[[ WORKING DATA open ]]
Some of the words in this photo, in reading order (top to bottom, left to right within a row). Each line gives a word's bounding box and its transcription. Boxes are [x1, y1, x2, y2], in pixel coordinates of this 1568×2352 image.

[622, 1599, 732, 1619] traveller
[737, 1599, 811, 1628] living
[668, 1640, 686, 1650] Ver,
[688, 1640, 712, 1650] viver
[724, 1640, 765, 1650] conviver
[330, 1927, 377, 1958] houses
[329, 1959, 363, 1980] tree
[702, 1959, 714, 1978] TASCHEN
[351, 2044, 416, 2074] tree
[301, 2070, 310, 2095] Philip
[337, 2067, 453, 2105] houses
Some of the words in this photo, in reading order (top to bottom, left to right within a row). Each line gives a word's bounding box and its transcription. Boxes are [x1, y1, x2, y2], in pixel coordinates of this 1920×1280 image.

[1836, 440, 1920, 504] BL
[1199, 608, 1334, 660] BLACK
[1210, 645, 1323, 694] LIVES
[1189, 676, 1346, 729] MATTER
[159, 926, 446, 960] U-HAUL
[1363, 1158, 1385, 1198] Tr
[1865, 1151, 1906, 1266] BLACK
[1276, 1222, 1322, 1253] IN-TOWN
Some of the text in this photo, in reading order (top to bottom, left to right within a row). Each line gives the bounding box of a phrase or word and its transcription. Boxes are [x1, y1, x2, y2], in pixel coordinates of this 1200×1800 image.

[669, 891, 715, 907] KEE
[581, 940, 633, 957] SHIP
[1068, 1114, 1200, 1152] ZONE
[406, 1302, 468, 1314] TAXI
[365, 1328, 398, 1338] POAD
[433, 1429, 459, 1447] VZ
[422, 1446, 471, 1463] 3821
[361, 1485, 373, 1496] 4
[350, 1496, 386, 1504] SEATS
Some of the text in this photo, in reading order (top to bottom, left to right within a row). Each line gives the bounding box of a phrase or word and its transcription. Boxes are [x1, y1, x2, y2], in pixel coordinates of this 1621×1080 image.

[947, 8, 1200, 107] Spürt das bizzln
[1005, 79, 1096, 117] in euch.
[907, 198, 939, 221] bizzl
[[ WORKING DATA closed ]]
WHAT THIS TASK INVOLVES:
Word for word, set down all of the records above.

RESULT:
Some of the words in this photo, in reading order (top to bottom, left to right within a row). Each line gives a word's bounding box and its transcription. Boxes are [x1, y1, x2, y2], in pixel coordinates of this 1568×2352 image.

[622, 1599, 732, 1619] traveller
[737, 1599, 811, 1628] living
[668, 1640, 686, 1650] Ver,
[688, 1640, 712, 1650] viver
[724, 1640, 765, 1650] conviver
[330, 1927, 377, 1958] houses
[329, 1959, 363, 1980] tree
[702, 1959, 714, 1978] TASCHEN
[351, 2044, 416, 2074] tree
[301, 2070, 310, 2095] Philip
[337, 2067, 453, 2105] houses
Some of the words in this photo, in reading order (top to bottom, left to right within a row). Each line gives a word's bounding box and its transcription. Boxes are [x1, y1, x2, y2], in pixel coordinates of this 1920×1280 image.

[1836, 440, 1920, 504] BL
[1199, 608, 1334, 660] BLACK
[1210, 645, 1323, 694] LIVES
[1189, 676, 1346, 729] MATTER
[159, 926, 446, 960] U-HAUL
[1363, 1158, 1385, 1198] Tr
[1865, 1151, 1906, 1266] BLACK
[1276, 1222, 1322, 1253] IN-TOWN
Some of the text in this photo, in reading order (top to bottom, left to right within a row). Each line gives the bounding box of a phrase or word and its transcription. Boxes are [x1, y1, x2, y2], in pixel coordinates of this 1200×1800 image.

[669, 891, 715, 907] KEE
[581, 940, 633, 957] SHIP
[1068, 1114, 1200, 1152] ZONE
[406, 1302, 468, 1314] TAXI
[365, 1328, 398, 1338] POAD
[433, 1429, 459, 1447] VZ
[422, 1446, 471, 1463] 3821
[361, 1485, 373, 1496] 4
[350, 1496, 386, 1504] SEATS
Some of the text in this photo, in reading order (top to bottom, left to right within a row). Each line gives the bounding box of a phrase or word and its transcription. Boxes are [x1, y1, x2, y2], in pixel coordinates of this 1621×1080 image.

[947, 8, 1200, 107] Spürt das bizzln
[1005, 79, 1096, 117] in euch.
[907, 198, 939, 221] bizzl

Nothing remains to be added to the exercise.